Сегодняшние обитатели Каррпорта – по большей части акулы бизнеса и светские львы, для которых летний дом служит просто дополнением к пентхаусу на Манхэттене. Фактически эти люди живут в Лондоне, Чикаго, Сиднее, Рио, Гштаде, Кап д’Антибе, Аспене... И бесполезно спрашивать, где расположен их настоящий дом. Они просто пожмут плечами: «Простите, но об этом знает только мой бухгалтер».
В настоящее время шесть больших старинных зданий на берегах бухты принадлежат корпорациям и используются, если верить этим самым бухгалтерам, для « встреч, семинаров, консультаций с клиентами и опросов фокус-групп». Это также оазисы для отдыха и восстановления больших боссов, когда кто-то из них вдруг возжелает смотаться сюда на солнечные выходные из Бостона, Нью-Йорка или Вашингтона.

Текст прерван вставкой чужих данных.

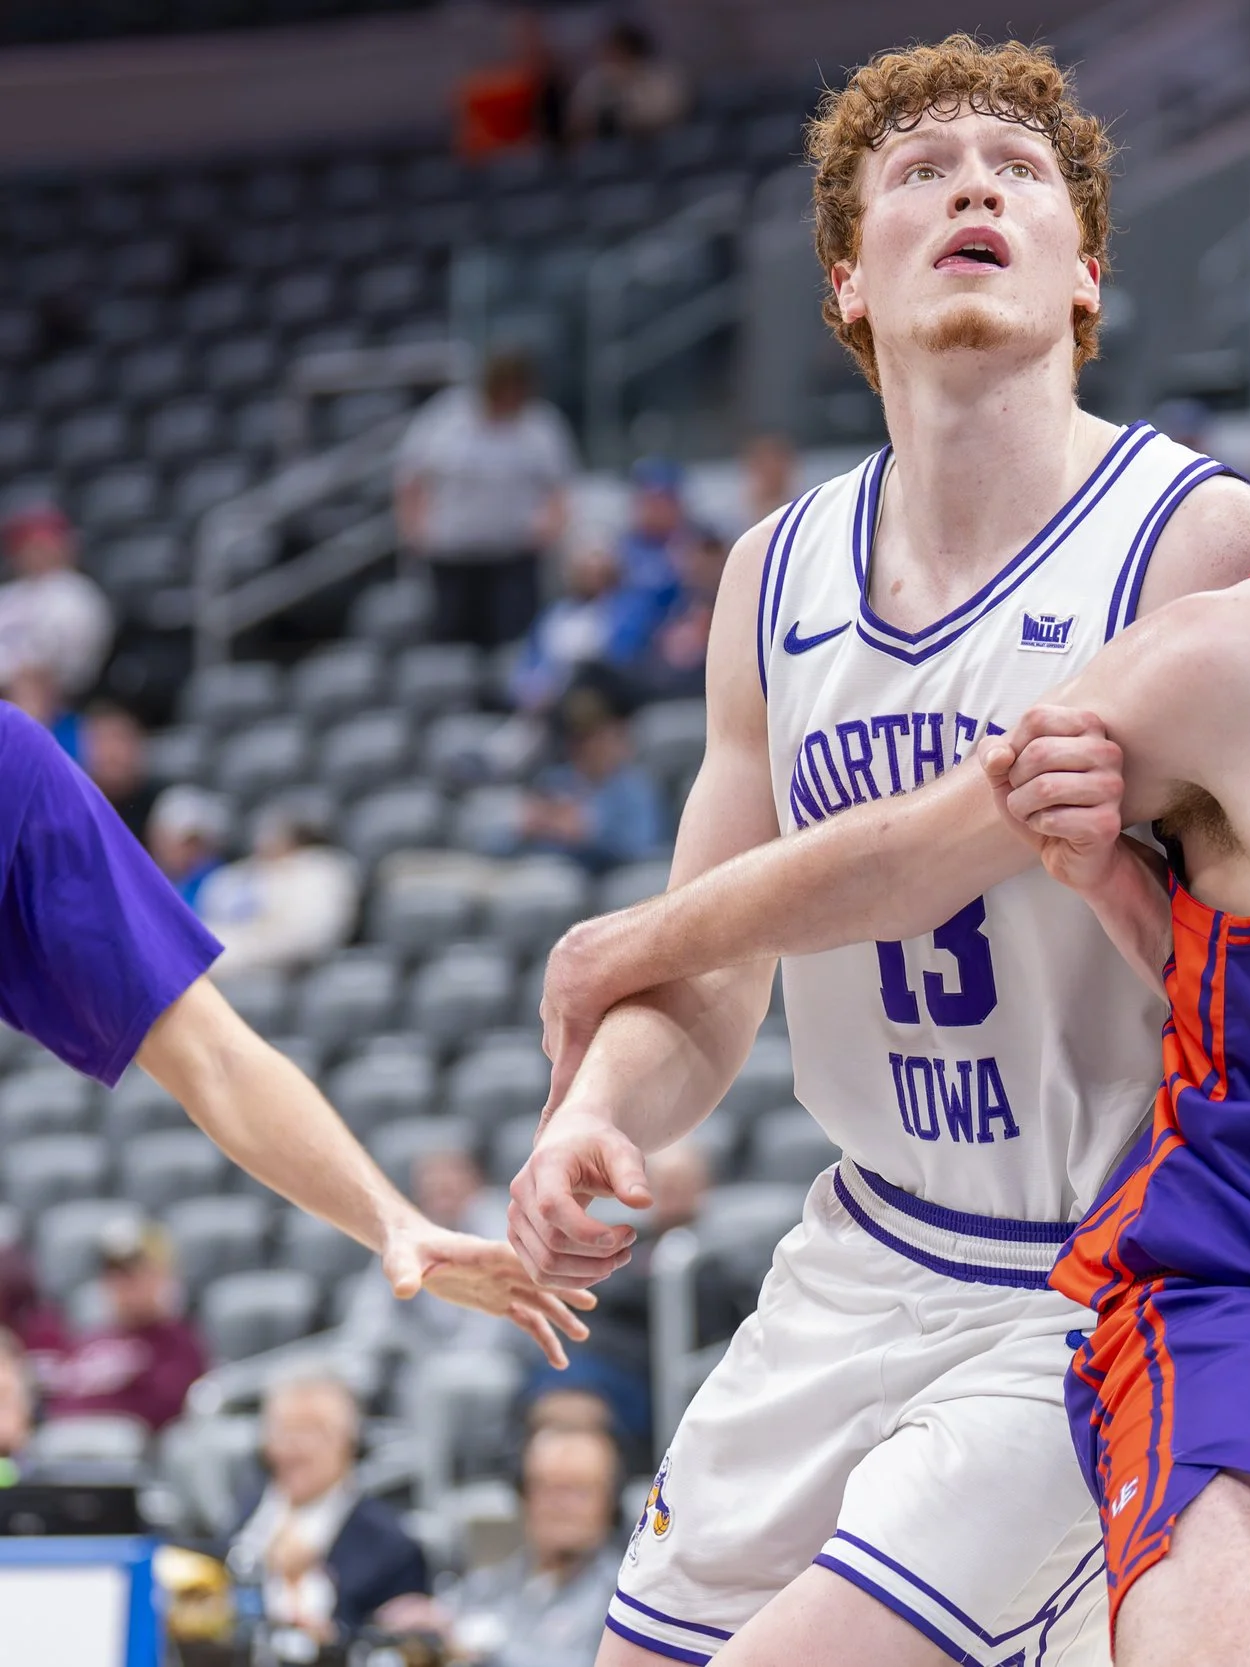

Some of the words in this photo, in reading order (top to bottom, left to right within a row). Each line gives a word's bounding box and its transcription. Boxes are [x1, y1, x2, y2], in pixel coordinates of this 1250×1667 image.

[1022, 613, 1073, 643] VALLEY
[790, 711, 1007, 830] NORTHE
[889, 1052, 1020, 1143] IOWA

Одно из этих зданий, дом номер 27 по Виста-драйв, принадлежит «ТрансГлобал Юниверсал Индастриз» (или «ТЮИ», как она известна на Нью-Йоркской фондовой бирже), а точнее Максу Фербенксу – миллиардеру, крупнейшему медиамагнату и девелоперу, владеющему значительной частью нашей планеты и производимой на ней продукции через многочисленные сложно взаимосвязанные компании. Но только очень опытные финансисты смогли бы распутать весь клубок, который в конечном счете вывел бы их на корпорацию «ТЮИ» и ее единственного хозяина – Макса Фербенкса.
У которого явно не задался год. Сорвались несколько крупных сделок, не удалось подкупить ряд политиков в разных странах мира, а прогнозы, сделанные его аналитиками, большей частью не сбылись.
Наличные текли рекой, но, увы, не в том направлении. Резервы были вложены в дело, когда все еще было нормально, и сейчас, когда потребовалось растрясти жирок, выяснилось, что жирка-то и не осталось. Макс Фербенкс был далеко не беден (от бедных людей его отделяли, как минимум, несколько световых лет), но финансовые проблемы загнали его в угол и вынудили его бухгалтеров перейти к решительным мерам.